A tak sobie tylko płacę zaległe za styczeń i luty rachunki. Obliczam dziurę w budżecie i właśnie nachodzi mnie kolejna gorzka refleksja, związana z cała moją dotychczasową działalnością zawodową.
Za przekład książki z ukraińskiego na polski (5,7 arkusza) otrzymałam 3990 zł brutto plus bonus za redakcję – 286zł brutto (z czego żyją redaktorzy i czy za te pieniądze można od nich wymagać moralności i etyki zawodowej?).
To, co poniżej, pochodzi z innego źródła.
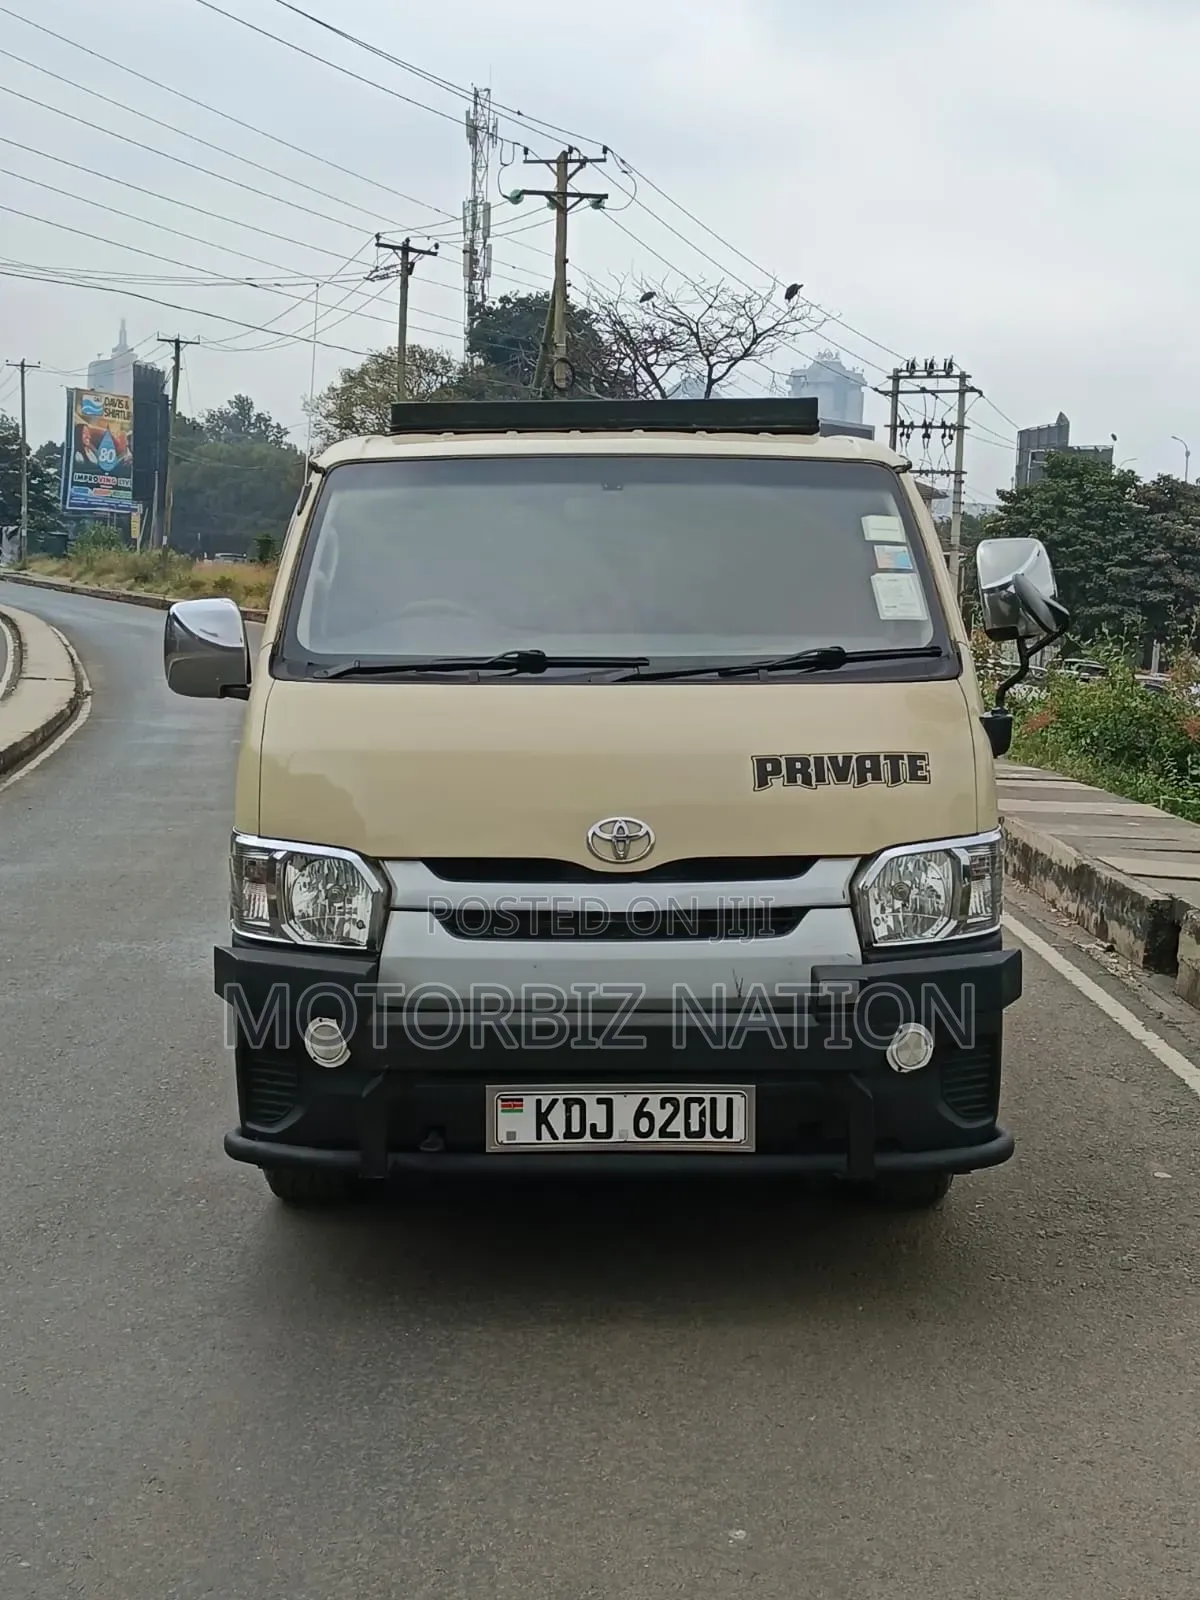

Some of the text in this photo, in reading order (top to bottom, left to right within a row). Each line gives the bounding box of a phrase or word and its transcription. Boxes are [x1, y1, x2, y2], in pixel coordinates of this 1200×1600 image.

[104, 397, 124, 409] DAVIS
[99, 447, 116, 462] 80
[73, 473, 117, 486] IMPROVING
[751, 752, 931, 792] PRIVATE
[535, 1096, 735, 1141] KDJ 620U
Ok, można powiedzieć, że trochę guzdrałam się z robotą nad nie do końca lubianą książką, ale podsumowując – uczciwie przepracowałam nad nią dwa bite miesiące. Pewnie mogłabym ją zrobić w miesiąc, siedząc dzień i noc, jak to robi część moich kolegów, zmuszonych do paranoidalnej pracy ponad siły w tzw. wolnym zawodzie. Nie byłabym jednak w stanie oddać książce swojego umysłu, uwagi, poświęcić się rozkminianiu problemów, które – jak każdy proces myślowy – wymagają czasu. Zwyczajnie nie potrafię pracować jak maszyna. Nie z tą jakością, o jaką mi chodzi.
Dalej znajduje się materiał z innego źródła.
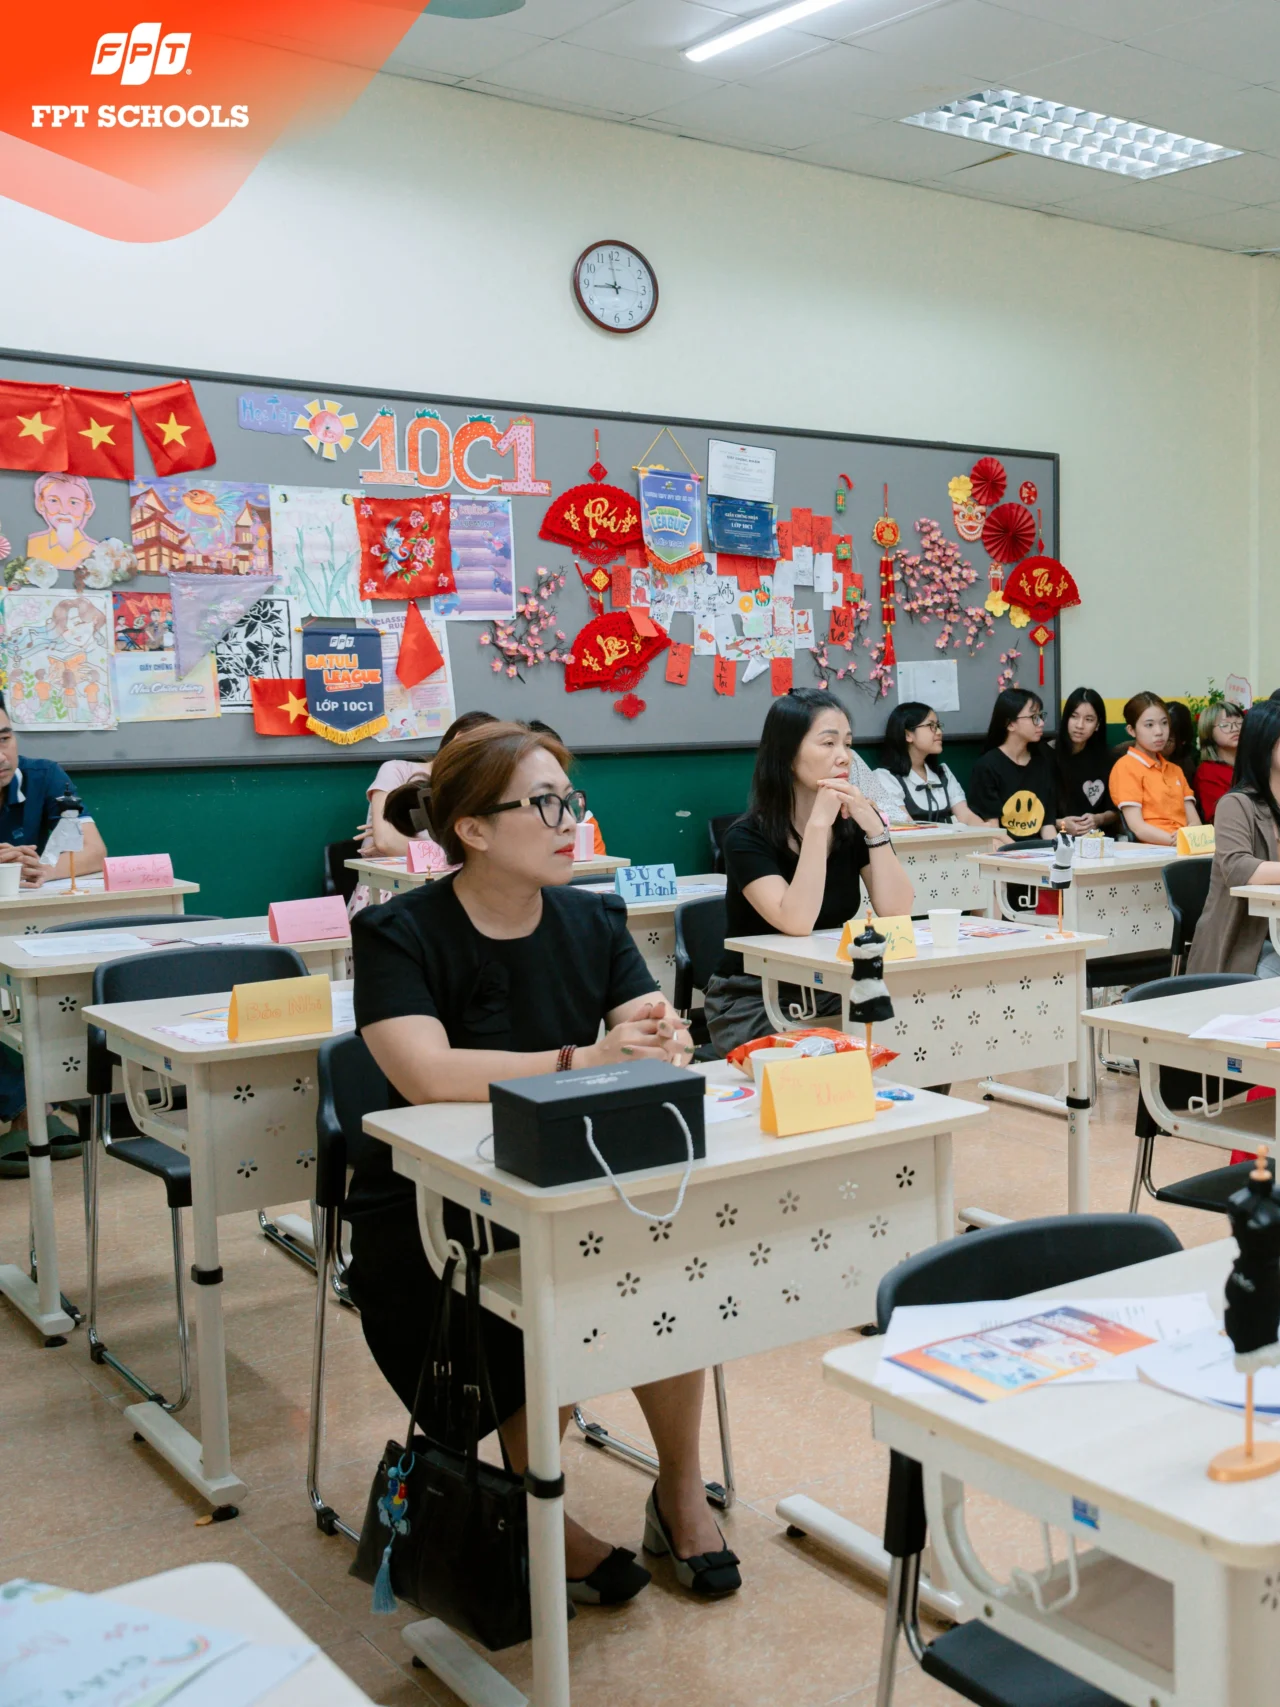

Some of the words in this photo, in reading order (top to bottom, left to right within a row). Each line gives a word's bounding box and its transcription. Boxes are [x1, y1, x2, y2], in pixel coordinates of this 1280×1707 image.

[597, 253, 604, 264] 11
[586, 263, 596, 274] 10
[637, 269, 643, 280] 2
[583, 278, 590, 288] 9
[640, 285, 647, 296] 3
[588, 295, 594, 305] 8
[637, 301, 643, 310] 4
[599, 308, 605, 318] 7
[614, 313, 620, 323] 6
[628, 311, 634, 321] 5
[360, 406, 552, 497] 10C1
[650, 514, 689, 534] LEAGUE
[305, 653, 359, 670] BATULI
[323, 669, 382, 685] LEAGUE
[316, 699, 339, 712] LỚP
[342, 701, 373, 712] 10C1
[1007, 818, 1037, 830] drew
[630, 881, 677, 897] Thành
Tak więc za dwa miesiące pracy otrzymałam 4276 zł brutto, czyli jakieś 3800 na rękę.
Patrzę na styczniowo-lutowe rachunki za gaz i prąd (w tym ogrzewanie) z moich dwóch mieszkań i widzę:
rachunek za gaz: grudzień – 723, styczeń – 1096 jedno mieszkanie i w drugim szczęśliwie tylko kuchenka gazowa niecałe 40 zł.
rachunek za prąd: 774 x 2 jedno i 310 x 2 drugie.
razem = 4027 zł.
Przy tym, że wszędzie mam wymienione okna, nowe instalacje, temperaturę utrzymuję na poziomie 20 stopni, gazowe ogrzewanie działa tylko w dzień, a elektryczne to wypasione dynamiczne piece akumulacyjne z sondą pogodową (zakup i instalacja 11000), ładujące się wyłącznie nocą na drugiej taryfie.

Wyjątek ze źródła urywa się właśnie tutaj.